At about the time of this separation, Rudolph Sr. decided to convey his share of the house to his children. He told Diane (and, in a less detailed way, Dorian) that he was having problems with his marriage and that he wanted to protect his children. In something of the fashion of Odysseus ordering his crew to bind him to the mast and ignore his plans for release when he heard the Sirens' song, Rudolph Sr. told Diane and Dorian that they were not to question his decision and under no circumstances were they to ever give him the house back no matter how much he asked for it. On August 26, 1977, Rudolph Sr. signed a quitclaim deed (Ex. B) conveying all of his right, title, and interest in the property to his four children. The deed was filed with the town clerk on August 29, 1977.

In the early fall of 1977, Greta returned to Rudolph Sr. When he told her what he had done, she asked him to get the property back. In 1978, an attorney retained by Rudolph Sr. wrote to his children asking for a reconveyance of the property, but — heeding his earlier command — they declined to do so.

Greta and Rudolph Sr. lived together at 193 South New Road until May 1987, when his health deteriorated to the point where he had to be placed in a convalescent home. He died on August 24, 1987. Greta still lives in the home. She continues to pay the mortgage (a second mortgage has been fully paid) and has maintained the house without contribution from the plaintiffs. The plaintiffs CT Page 3686 do not visit the house (where they are not welcome in any event), have never contributed to its upkeep, and do not desire its use or occupancy. Not to put too fine a point on it, they want the money, and if they hurt Greta in the process, they will shed very few tears. This action for sale commenced by service of process on December 19, 1989.
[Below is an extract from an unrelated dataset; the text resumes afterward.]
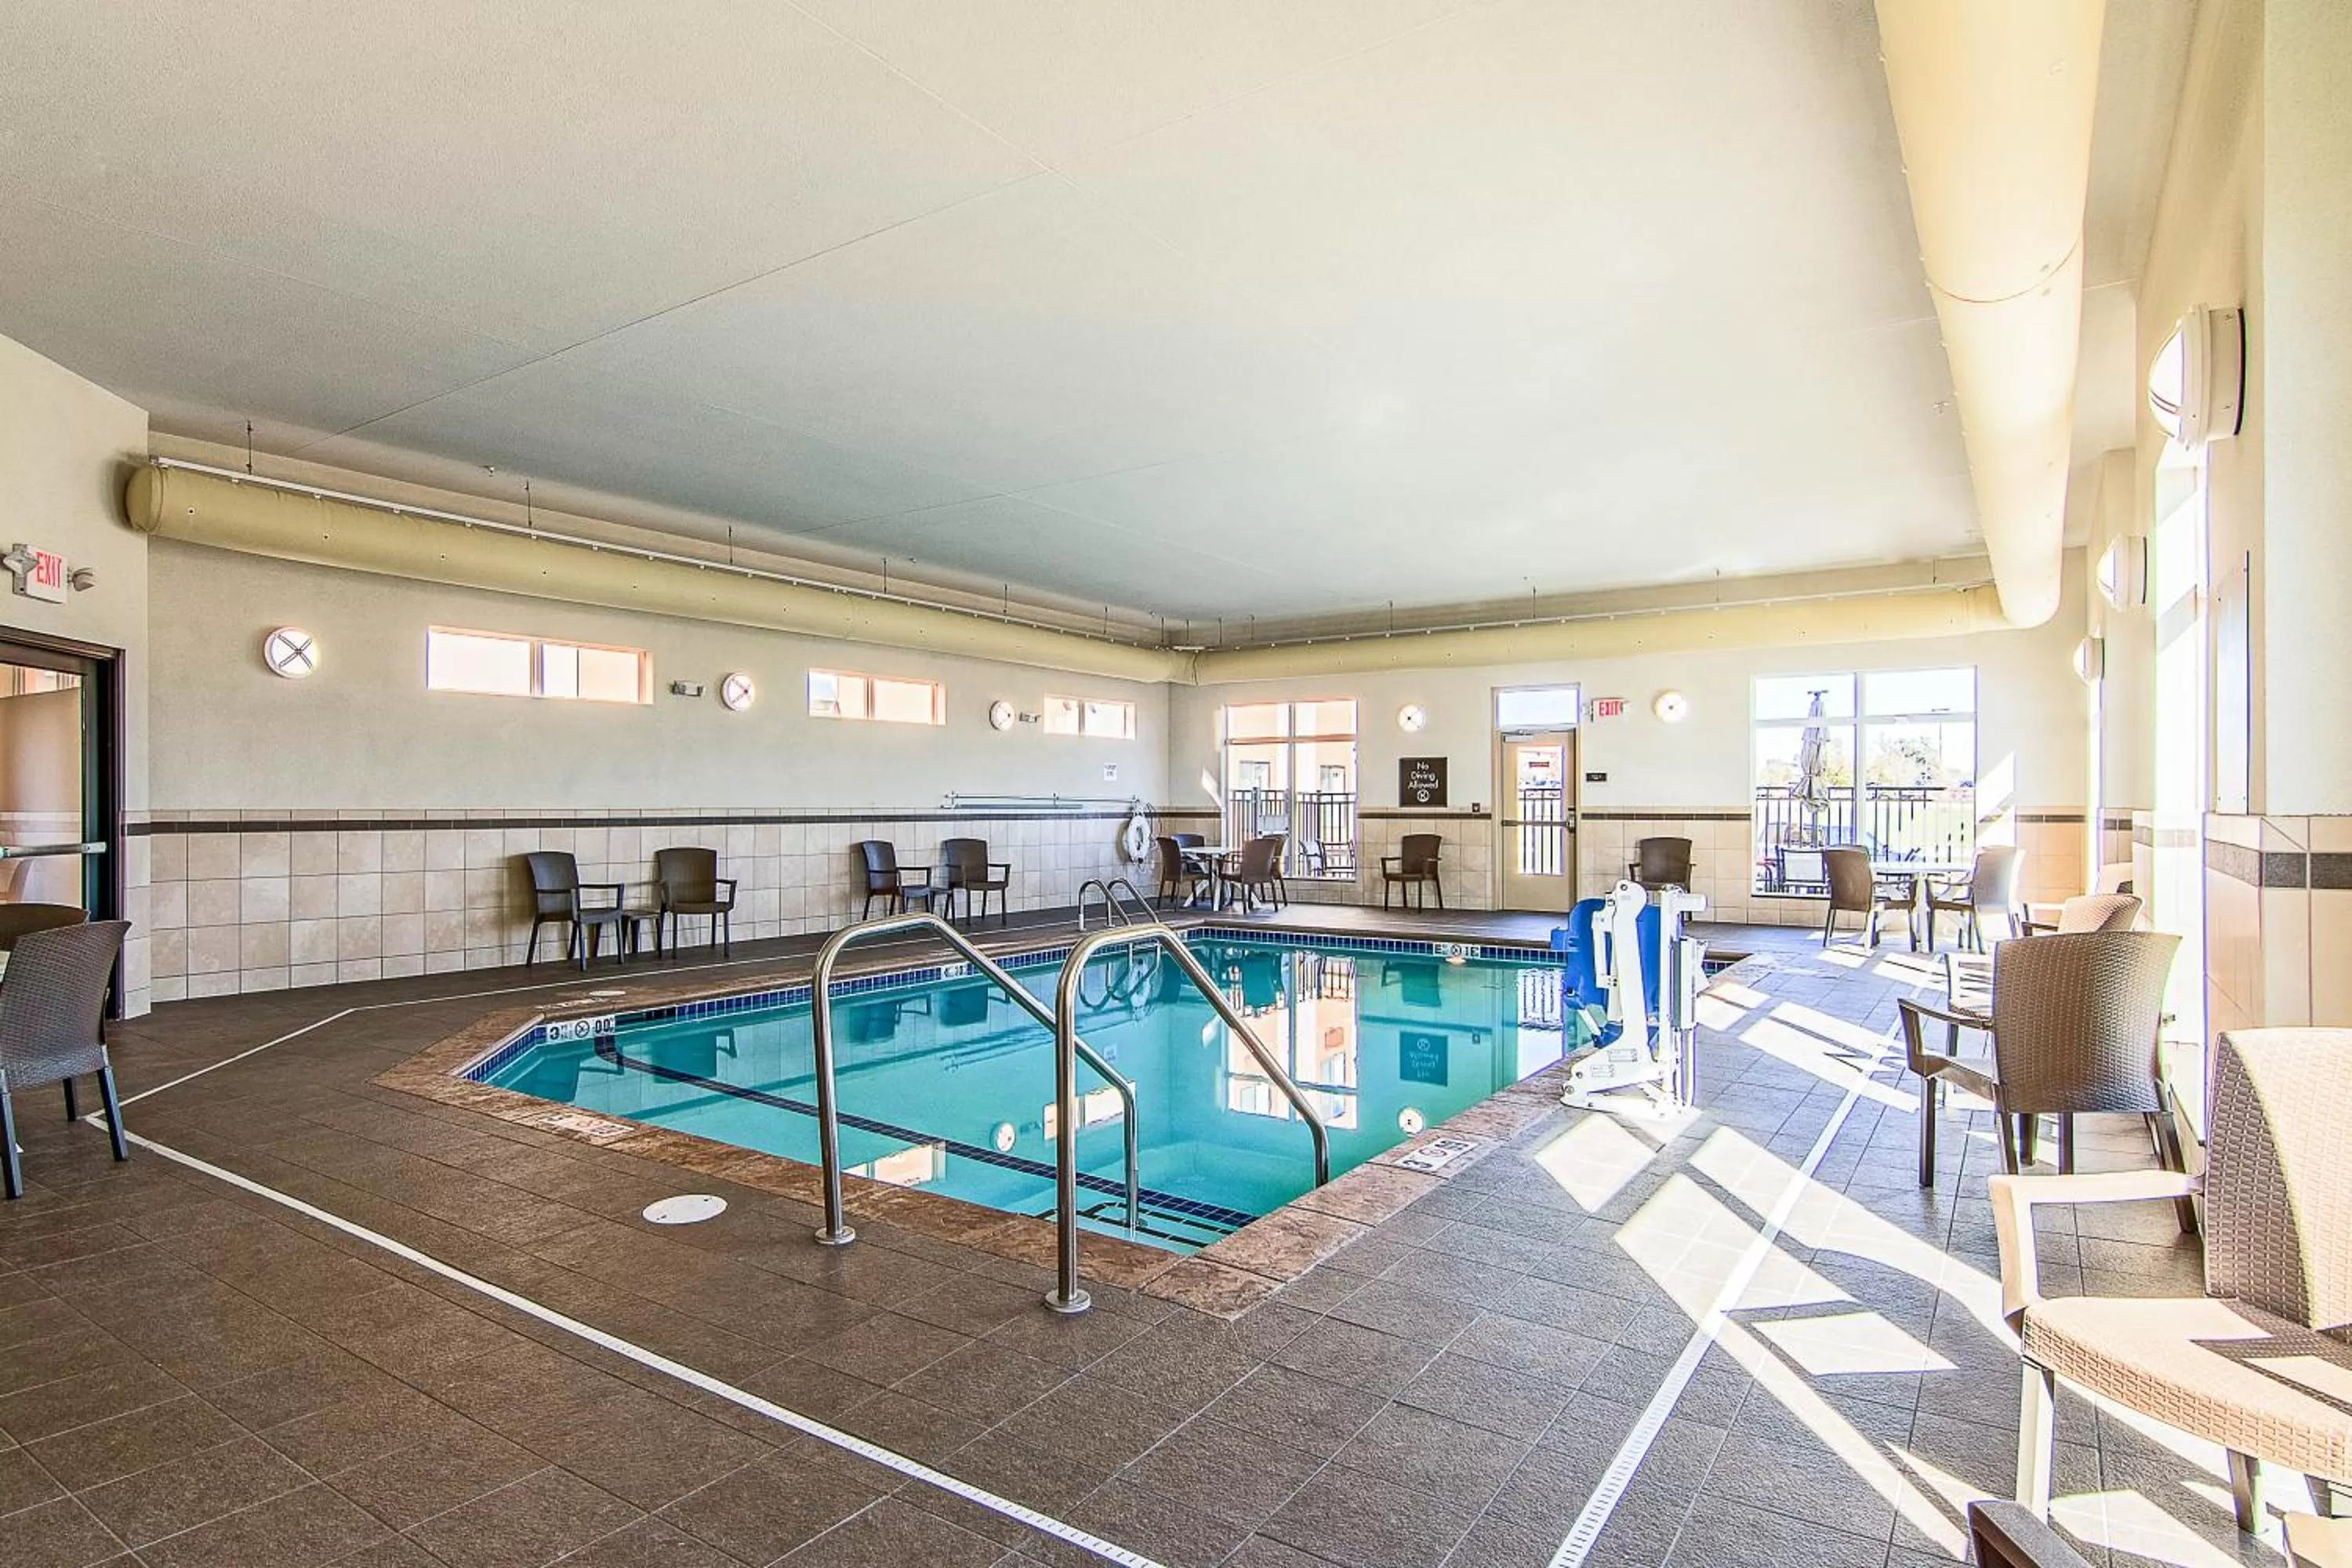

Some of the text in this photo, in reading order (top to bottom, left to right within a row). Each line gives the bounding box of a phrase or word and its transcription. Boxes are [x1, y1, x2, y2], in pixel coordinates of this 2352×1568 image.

[36, 551, 62, 589] EXIT
[1599, 701, 1619, 717] EXIT
[1410, 771, 1436, 782] Diving
[1407, 779, 1439, 789] Allowed
The first question that must be addressed is the nature of the plaintiffs' interest. Although the law has been settled to the contrary since the time of Littleton, Greta seriously (or apparently seriously) maintains that the plaintiffs have no recognizable property interest to assert. According to Greta's special defenses and counterclaim, Rudolph Sr., as a joint tenant with right of survivorship, who happened not to survive, could only convey a life estate in his property, and once he died, that life estate was gone. The short response to this contention is that this is not, and has never been, the law. A joint tenancy "can exist only so long as there is a unity of (1) interest, (2) title, (3) time and (4) possession." New Haven Trolley Bus Employees Credit Union v. Hill, 145 Conn. 332, 335, 142 A.2d 730 (1958). When any of these unities are broken, the joint tenancy is destroyed. Id. A unilateral act of conveyance breaks the unity of title. "[A] joint tenant of realty has a present right to transform into a different present and vested interest the possibility, the gamble — uniquely characteristic of a joint tenancy — that, depending on whether or not he is the survivor of the joint tenants, he will end up owning all, or none, of the property." Maine Savings Bank v. Bridges, 431 A.2d 633, 635 (Me. 1981). Rudolph Sr.'s conveyance of his interest to his children "sever[ed] the joint tenancy as to the interest or interests so conveyed and the . . . grantees . . . hold the interest or interests as . . . tenants in common with the remaining joint tenant." Conn. Gen. Stat. 47-14c. The plaintiffs are thus tenants in common with Greta.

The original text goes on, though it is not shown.